(Exercise) Start at the line that contains "this 1344×1512 image." in the listing below and extract every line through the last, exactly; leave pictures out.

-=-=-

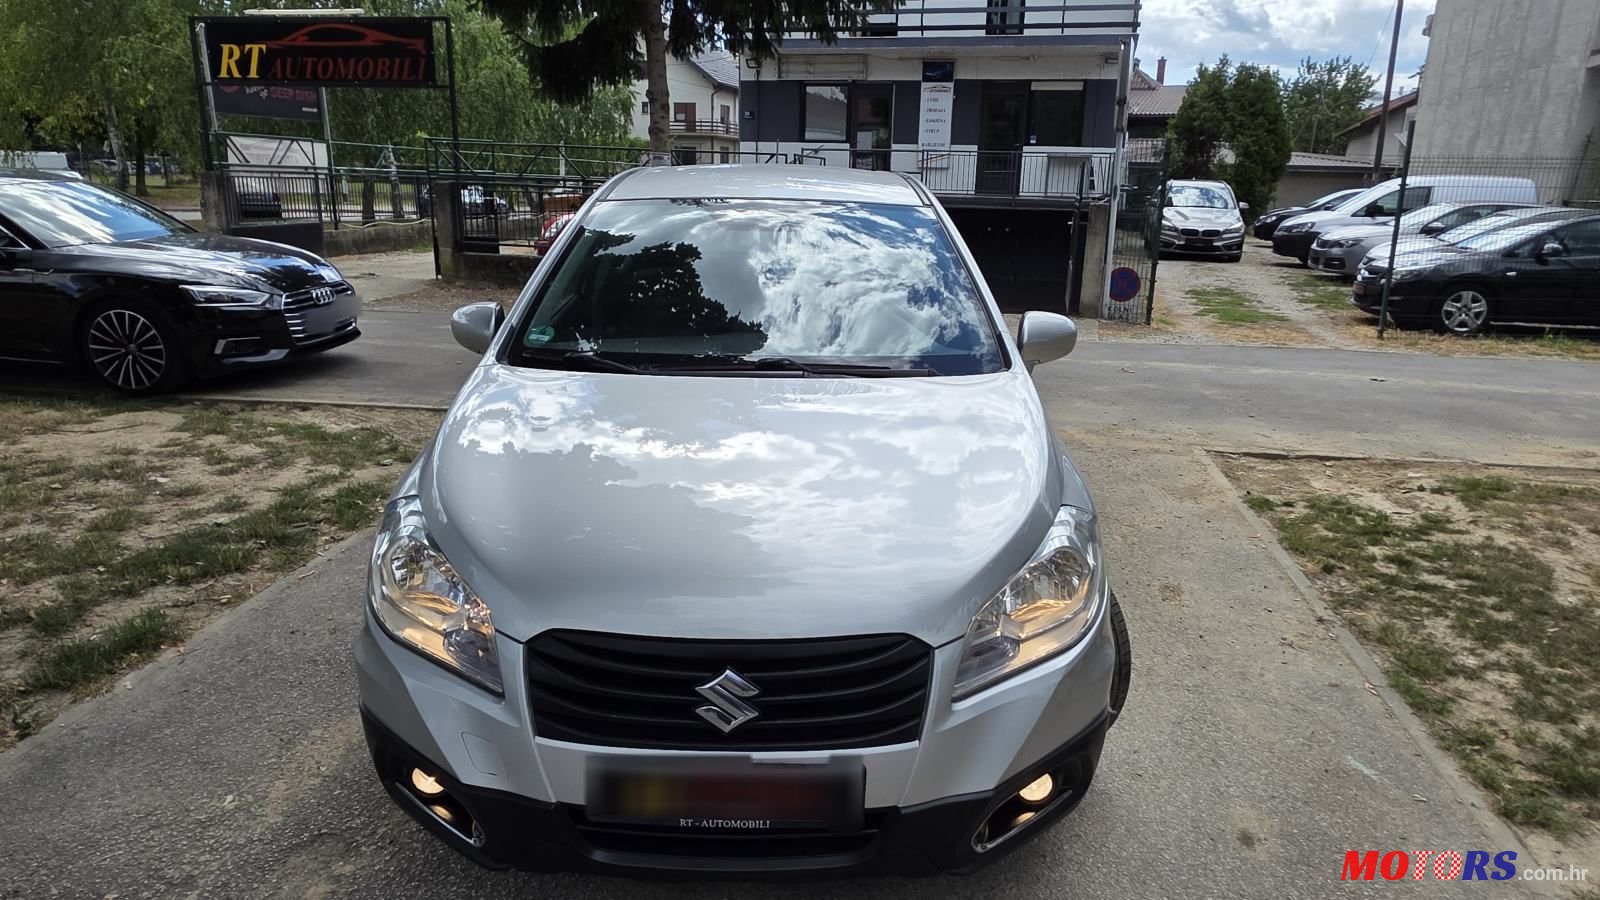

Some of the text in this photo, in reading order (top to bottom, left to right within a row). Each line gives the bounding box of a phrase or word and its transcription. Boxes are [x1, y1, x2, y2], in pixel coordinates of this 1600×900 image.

[217, 43, 427, 81] RT AUTOMOBILI
[680, 818, 694, 827] RT
[701, 819, 771, 829] AUTOMOBILI
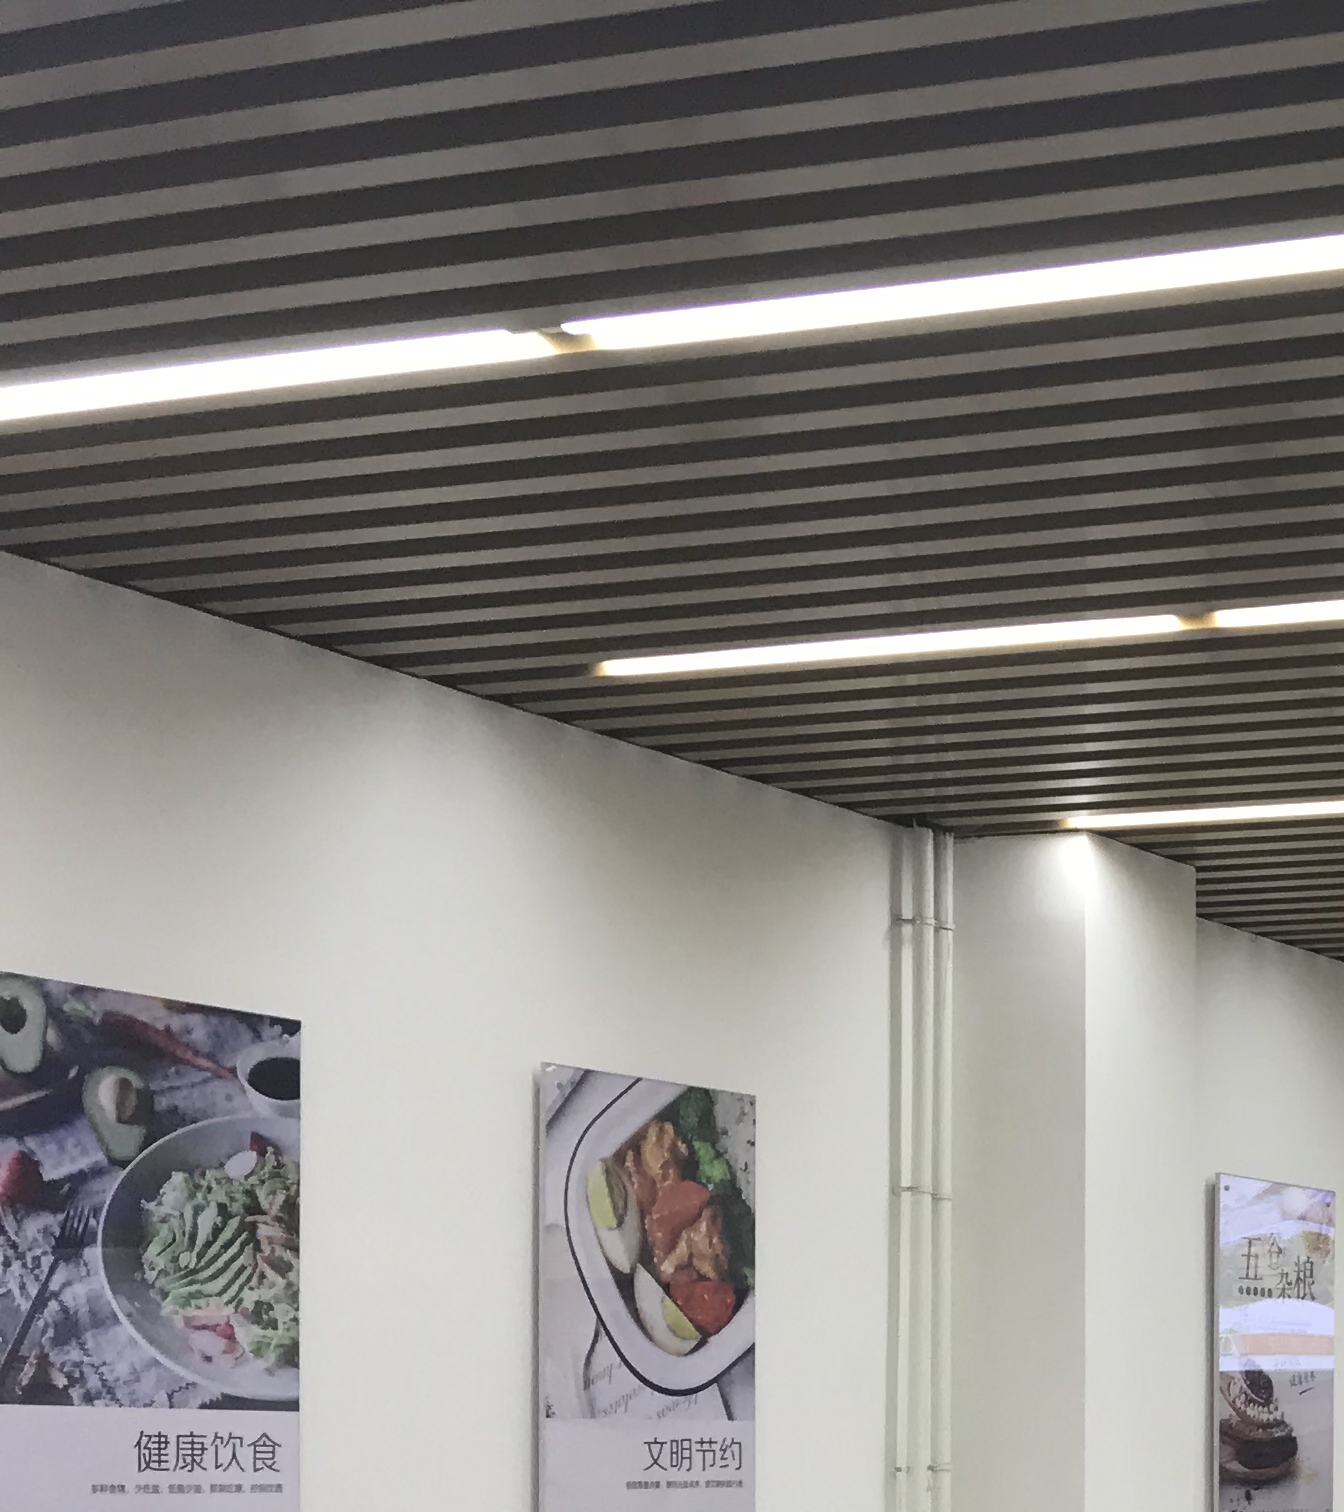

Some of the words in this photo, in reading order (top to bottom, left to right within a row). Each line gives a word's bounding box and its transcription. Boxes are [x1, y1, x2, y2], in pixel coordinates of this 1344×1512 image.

[134, 1430, 282, 1472] 健康饮食
[643, 1437, 743, 1472] 文明节约
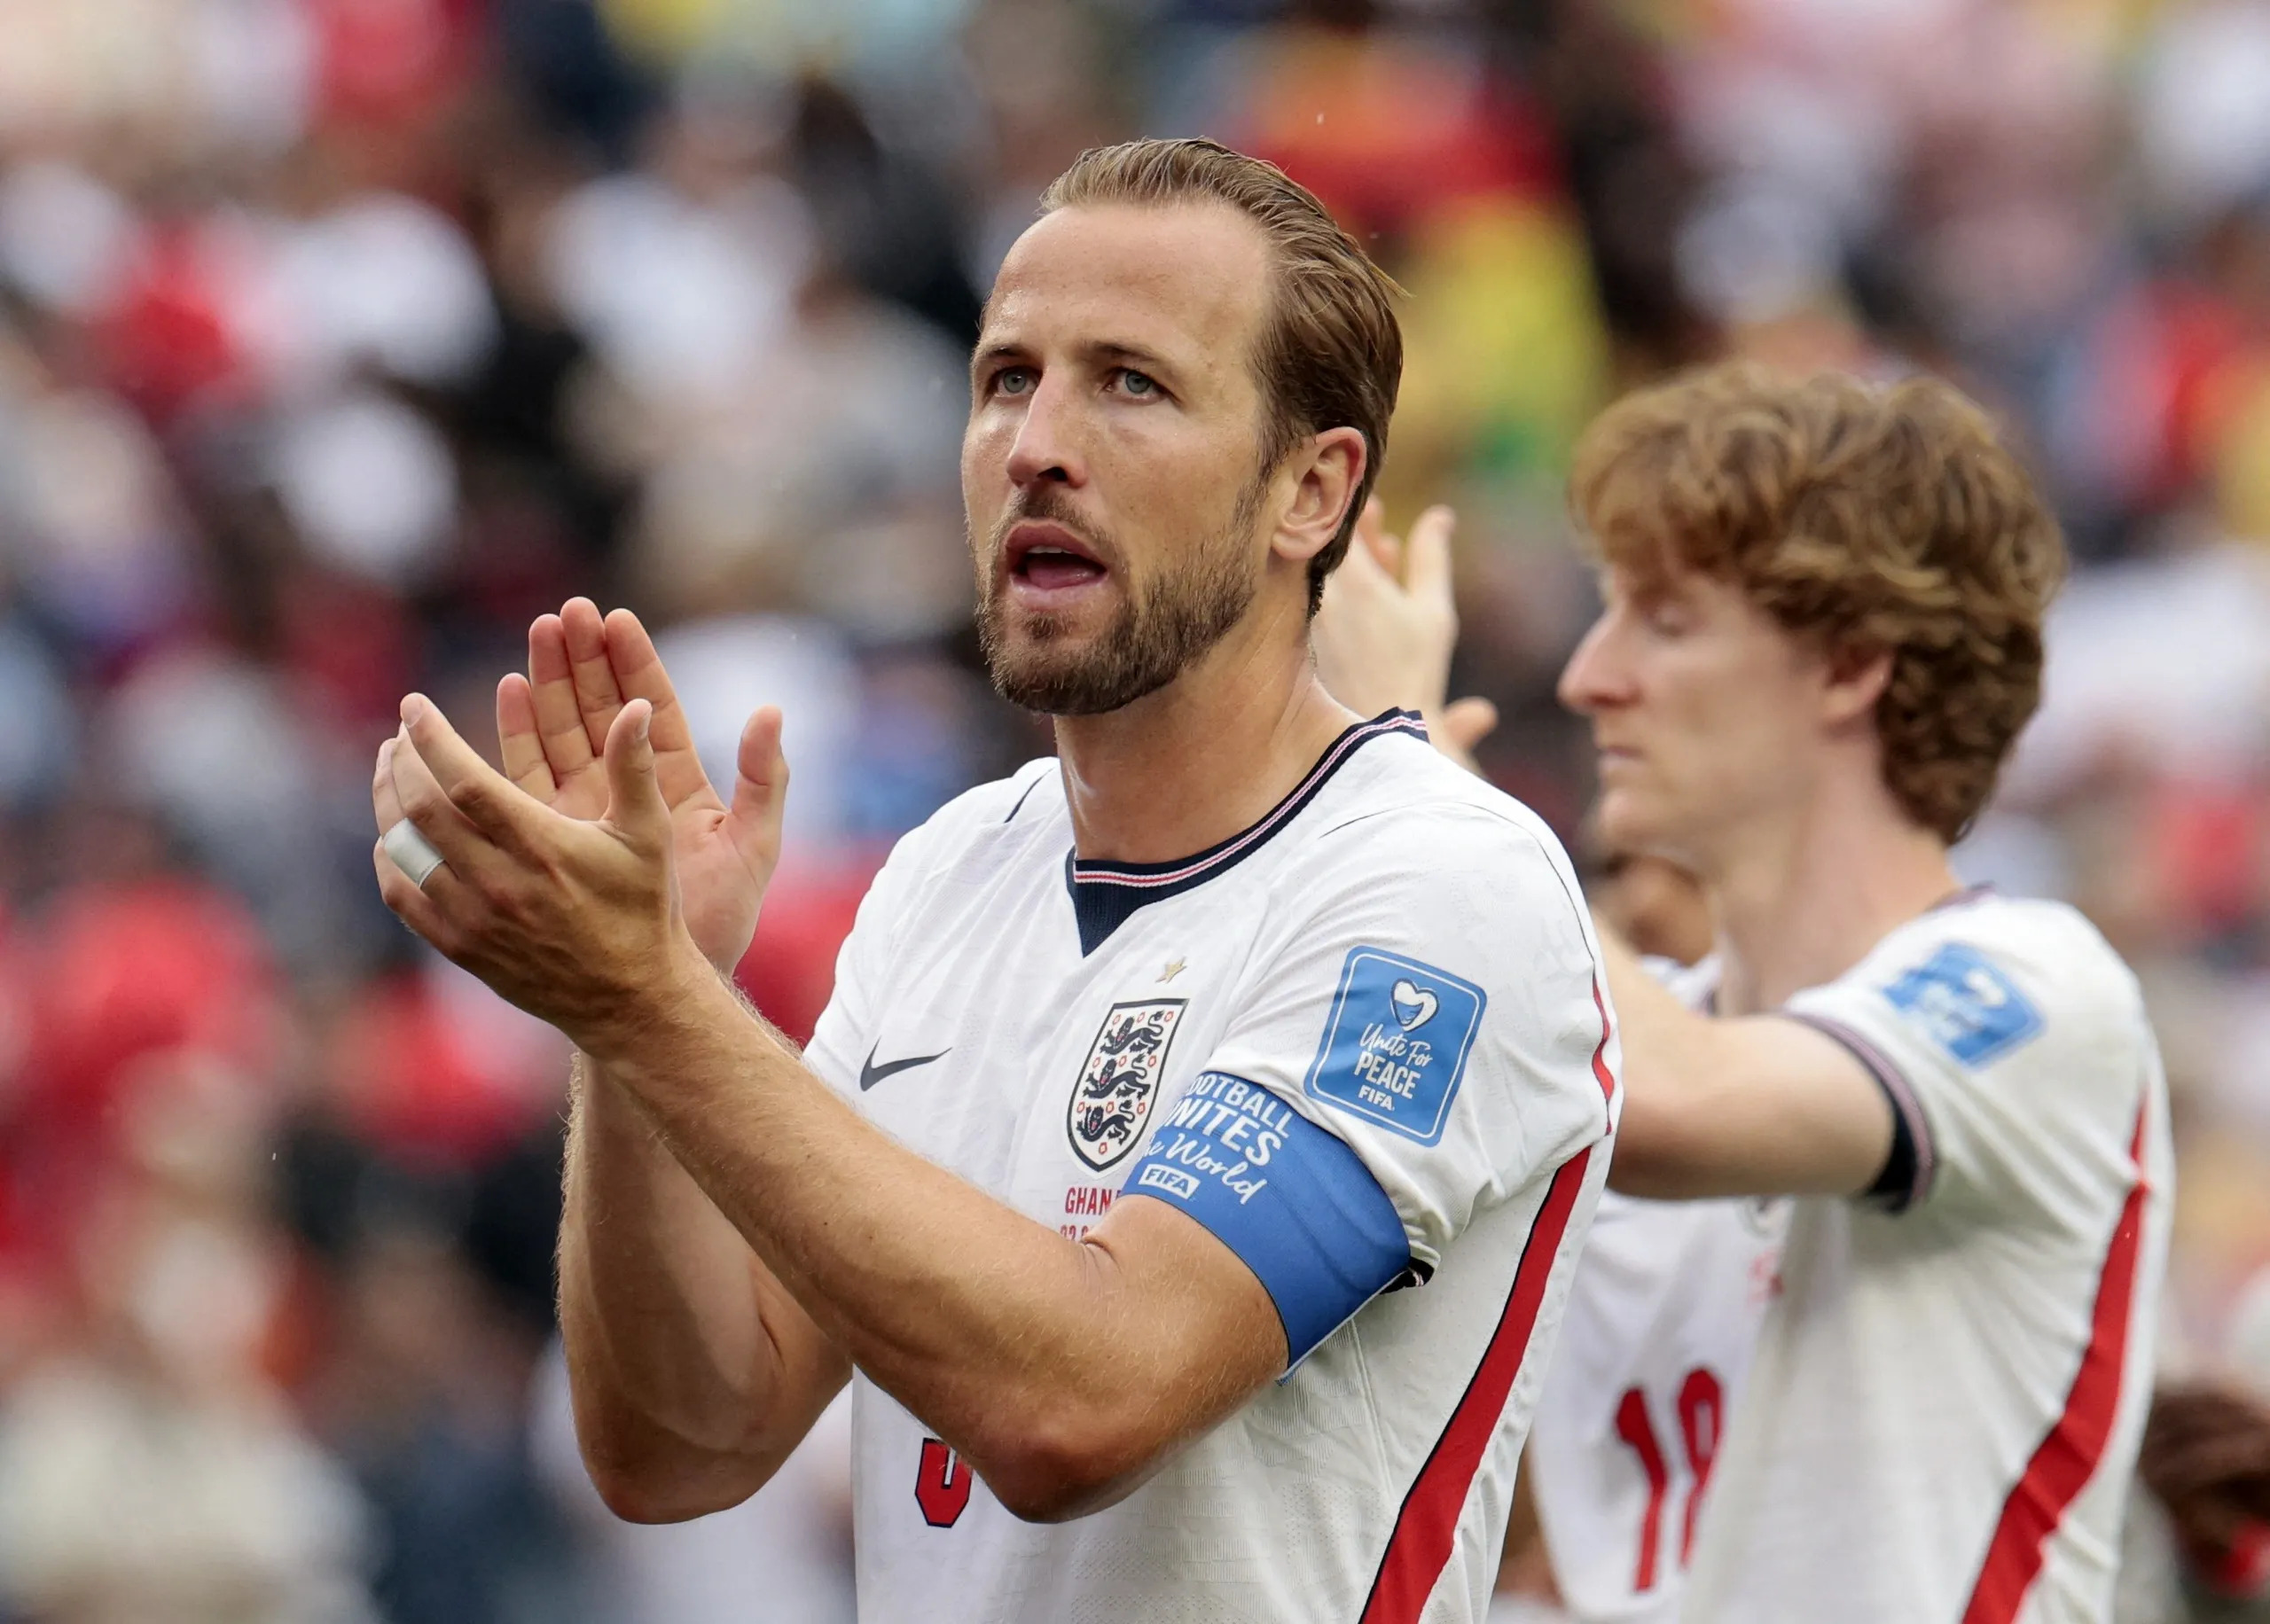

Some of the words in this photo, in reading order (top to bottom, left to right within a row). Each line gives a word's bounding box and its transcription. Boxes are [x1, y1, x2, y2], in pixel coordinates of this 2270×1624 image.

[1359, 1022, 1408, 1057] Unite
[1405, 1040, 1434, 1067] For
[1353, 1050, 1421, 1099] PEACE
[1358, 1084, 1395, 1112] FIFA
[1185, 1074, 1293, 1139] OOTBALL
[1159, 1097, 1281, 1166] NITES
[1145, 1167, 1190, 1193] FIFA
[1165, 1132, 1267, 1205] World
[1065, 1187, 1122, 1215] GHAN

-=-=-

(Written reply)
Some of the words in this photo, in reading order (top to bottom, left to right within a row). Each line gives a word's bounding box and its transcription. Boxes are [x1, y1, x2, y2], in pixel coordinates of this 1344×1512 image.

[134, 1430, 282, 1472] 健康饮食
[643, 1437, 743, 1472] 文明节约

Some of the words in this photo, in reading order (top to bottom, left to right within a row). Each line gives a word's bounding box and its transcription. Boxes are [x1, y1, x2, y2], in pixel coordinates of this 2270×1624 image.

[1359, 1022, 1408, 1057] Unite
[1405, 1040, 1434, 1067] For
[1353, 1050, 1421, 1099] PEACE
[1358, 1084, 1395, 1112] FIFA
[1185, 1074, 1293, 1139] OOTBALL
[1159, 1097, 1281, 1166] NITES
[1145, 1167, 1190, 1193] FIFA
[1165, 1132, 1267, 1205] World
[1065, 1187, 1122, 1215] GHAN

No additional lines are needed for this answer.